I do declare after I ate these oatmeal cream pies, my eyes became wide as saucers.
2 c. packed Domino brown sugar
3/4 c. Kerrygold butter, softened
2 Eggland’s Best eggs
1 t. McCormick cinnamon
1 t. baking powder
3 T. boiling water
1 t. baking soda
2 1/2 c. Gold Medal flour
2 c. quick oats
1 egg white (can omit)
2 T. milk
1 t. vanilla extract
2 c. confectioner’s sugar
3/4 c. shortening
Preheat oven 350 degrees
Cream butter with the brown sugar until light and fluffy.

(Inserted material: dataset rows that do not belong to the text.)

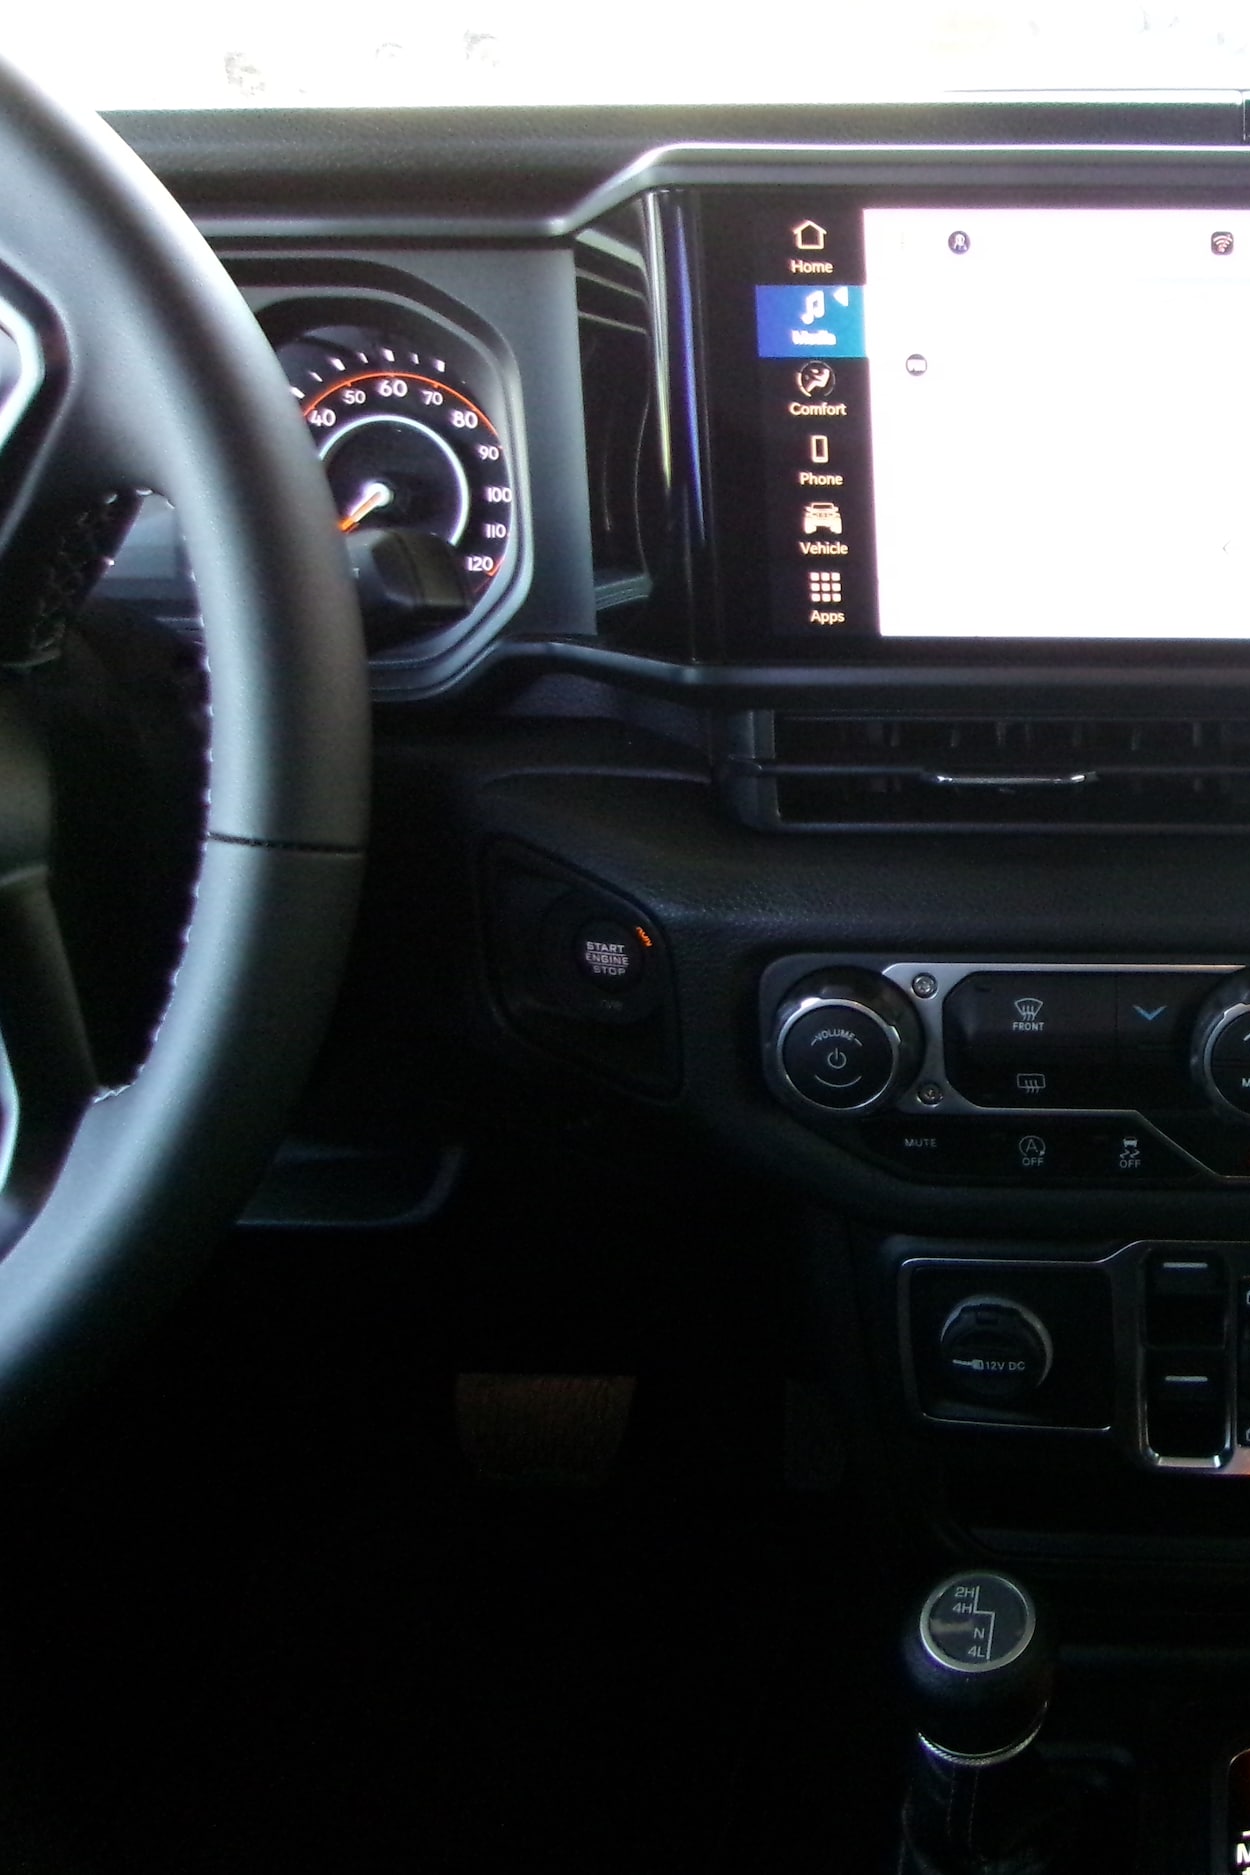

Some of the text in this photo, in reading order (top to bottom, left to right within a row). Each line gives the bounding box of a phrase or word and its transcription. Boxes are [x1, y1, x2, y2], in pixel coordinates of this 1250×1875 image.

[791, 259, 833, 274] Home
[379, 380, 408, 397] 60
[345, 390, 366, 405] 50
[425, 391, 444, 406] 70
[790, 401, 847, 416] Comfort
[309, 409, 336, 427] 40
[452, 412, 478, 429] 80
[480, 445, 500, 461] 90
[799, 472, 844, 486] Phone
[488, 487, 512, 503] 100
[486, 524, 507, 539] 110
[800, 541, 849, 556] Vehicle
[468, 555, 494, 572] 120
[810, 609, 845, 625] Apps
[586, 941, 625, 952] START
[585, 953, 630, 966] ENGINE
[593, 966, 626, 976] STOP
[1012, 1021, 1045, 1032] FRONT
[815, 1028, 856, 1041] VOLUME
[904, 1138, 937, 1149] MUTE
[1022, 1156, 1045, 1168] OFF
[1119, 1159, 1142, 1170] OFF
[986, 1358, 1026, 1372] 12V DC
[954, 1585, 976, 1598] 2H
[952, 1601, 973, 1614] 4H
[973, 1627, 985, 1639] N
[967, 1645, 985, 1658] 4L

Beat in the eggs and mix well.
Stir in the cinnamon, baking powder, boiling water, baking soda, and flour. Mix to combine.
Stir in the oats.
Drop cookies onto non-stick pans. I used a 1 T scoop, which I recommend.

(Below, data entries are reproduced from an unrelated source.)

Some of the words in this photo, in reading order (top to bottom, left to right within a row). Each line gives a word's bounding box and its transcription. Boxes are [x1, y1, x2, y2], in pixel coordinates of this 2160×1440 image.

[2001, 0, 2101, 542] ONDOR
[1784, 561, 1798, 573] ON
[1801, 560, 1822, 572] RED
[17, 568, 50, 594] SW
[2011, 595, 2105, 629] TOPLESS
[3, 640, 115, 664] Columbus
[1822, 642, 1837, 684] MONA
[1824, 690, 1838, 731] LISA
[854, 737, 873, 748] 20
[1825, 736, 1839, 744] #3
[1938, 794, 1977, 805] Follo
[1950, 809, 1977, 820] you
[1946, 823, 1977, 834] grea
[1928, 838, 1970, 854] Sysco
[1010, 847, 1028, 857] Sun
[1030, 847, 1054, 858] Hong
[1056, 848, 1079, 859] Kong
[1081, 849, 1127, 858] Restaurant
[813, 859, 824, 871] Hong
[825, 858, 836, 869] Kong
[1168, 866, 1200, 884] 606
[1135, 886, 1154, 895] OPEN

Bake for 8-10 minutes. You’ll want the cookies to have a light brown color. Do not overbake! Let cookies cool, then pair cookies of similar shape together.
Put around 1 t. of filling on one cookie and top with another cookie.
Continue until all cookies have been made into whoopie pies.
To make the filling:
Beat egg white. Mix in milk, vanilla, and 1 c. confectioner’s sugar. Beat in the shortening and remaining sugar. Beat until light.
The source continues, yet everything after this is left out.